Anyhow, then it was on to the Republican primaries, during which Trump promised to deport all 11 million unauthorized residents in the country. (“We’re rounding them up in a very humane way, in a very nice way.”)
He appears to have given up on that one. Possibly because of his short attention span. We have been thinking of the attention span since Michael Wolff, whose Trump book is dominating the national conversation, claimed that the president’s habit of repeating himself every 30 minutes has now devolved to every 10 minutes.
No, no, not going there. Back to policy.
Right now, Congress is scrambling to try to keep the government running through the month, and the Democrats are ready to negotiate as long as the deal includes protection for the Dreamers. Those are the approximately 800,000 young immigrants who were brought to the country as minors and given protection under the Obama program called Deferred Action for Childhood Arrivals. Trump rescinded it last year but included a six-month delay that was supposed to give Congress time to work out a new plan.
“If they can’t, I will revisit this issue!” he said.
Maybe he forgot. This is a man who twice tried to walk out of executive order signing ceremonies without signing the executive order. Who once testified that he couldn’t remember having told a reporter he had one of the world’s great memories.
It is stupendously important that Washington deal with DACA now. The nonpartisan Migration Policy Institute predicts that otherwise, beginning this spring, an average of 915 young people a day will lose protection from deportation.
On one bright evening last fall it appeared that Trump had worked out a deal with the Democratic leaders: fix the Dreamer problem and spend a lot more money on border patrols.
Do you think it was a good plan? The Border Patrol is already huge. And the agents have less and less to do. During the last fiscal year, they made 310,531 arrests, down 25 percent from the year before, and the lowest level since 1971.
How do you feel about hiring more of them?
A) What the hell, if it gets us through the problem.
B) No way, I’m a deficit hawk.
C) Do you think the president has dementia? I have read many convincing pieces on this subject recently.
Hey, C is off the table. Remember our plan.

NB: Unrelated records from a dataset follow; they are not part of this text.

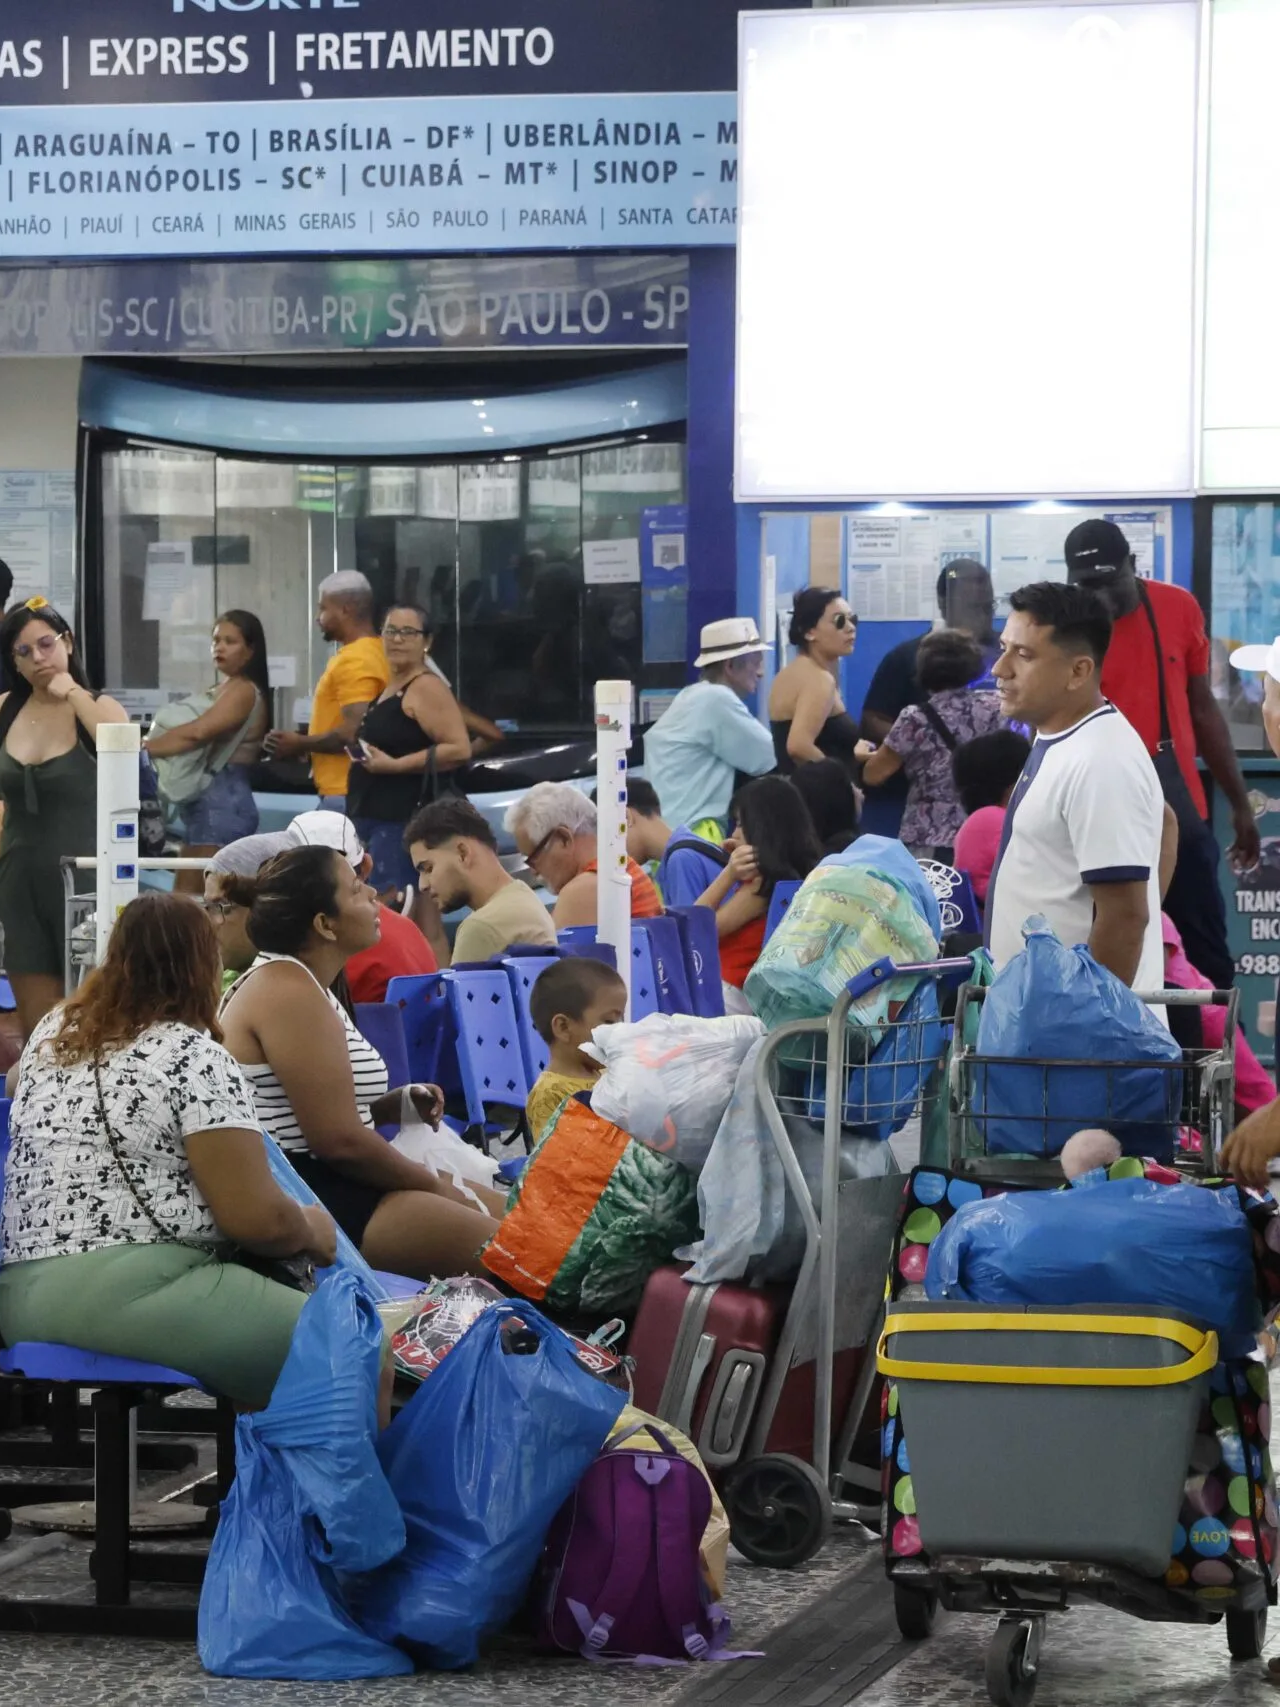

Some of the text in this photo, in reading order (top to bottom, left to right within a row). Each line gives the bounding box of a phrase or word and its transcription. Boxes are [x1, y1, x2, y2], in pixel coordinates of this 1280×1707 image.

[89, 34, 249, 77] EXPRESS
[296, 26, 554, 72] FRETAMENTO
[14, 128, 173, 158] ARAGUAÍNA
[205, 130, 240, 154] TO
[269, 122, 392, 153] BRASÍLIA
[504, 117, 681, 148] UBERLÂNDIA
[28, 164, 241, 195] FLORIANÓPOLIS
[361, 157, 464, 189] CUIABÁ
[594, 160, 678, 185] SINOP
[80, 213, 123, 234] PIAUÍ
[151, 212, 205, 234] CEARÁ
[234, 213, 287, 232] MINAS
[299, 212, 357, 231] GERAIS
[386, 207, 420, 229] SÃO
[432, 209, 489, 228] PAULO
[519, 205, 587, 227] PARANÁ
[618, 207, 673, 226] SANTA
[479, 289, 610, 335] PAULO
[642, 284, 688, 331] SP

The one thing the Democrats are not willing to negotiate is the wall, which they find offensive, wasteful and stupid. It would cost an estimated $21.6 billion, ruin farms, kill off wildlife and look like hell. Otherwise, no problem.
Trump has had eight prototypes of his dream barrier constructed just to show the country what it’s been missing. Some are gray, some are brown, some are kind of blue. Some are 30 feet tall. They’re right on the border near San Diego.
Scott Nichol of the Sierra Club borderlands team says they’ve actually become magnets for refugees seeking asylum from violence-torn countries in Central America. Because there tend to be a lot of witnesses there, Nichol said, it’s harder for border patrolmen to ignore a request for due process.
So that’s a plus. Maybe we could just keep the prototypes.
Many Republicans in Congress hate the wall idea, but Trump is obsessed. So where do we go from here?
A) Hold fast and hope he forgets he asked for it.
B) Tell him it’s built but it’s made of special new invisible bricks.
C) Steal his cellphone.
I vote for B. If everybody starts congratulating him on the great new transparent wall, he will totally believe he did it. This is a man who thinks he stopped planes from crashing last year.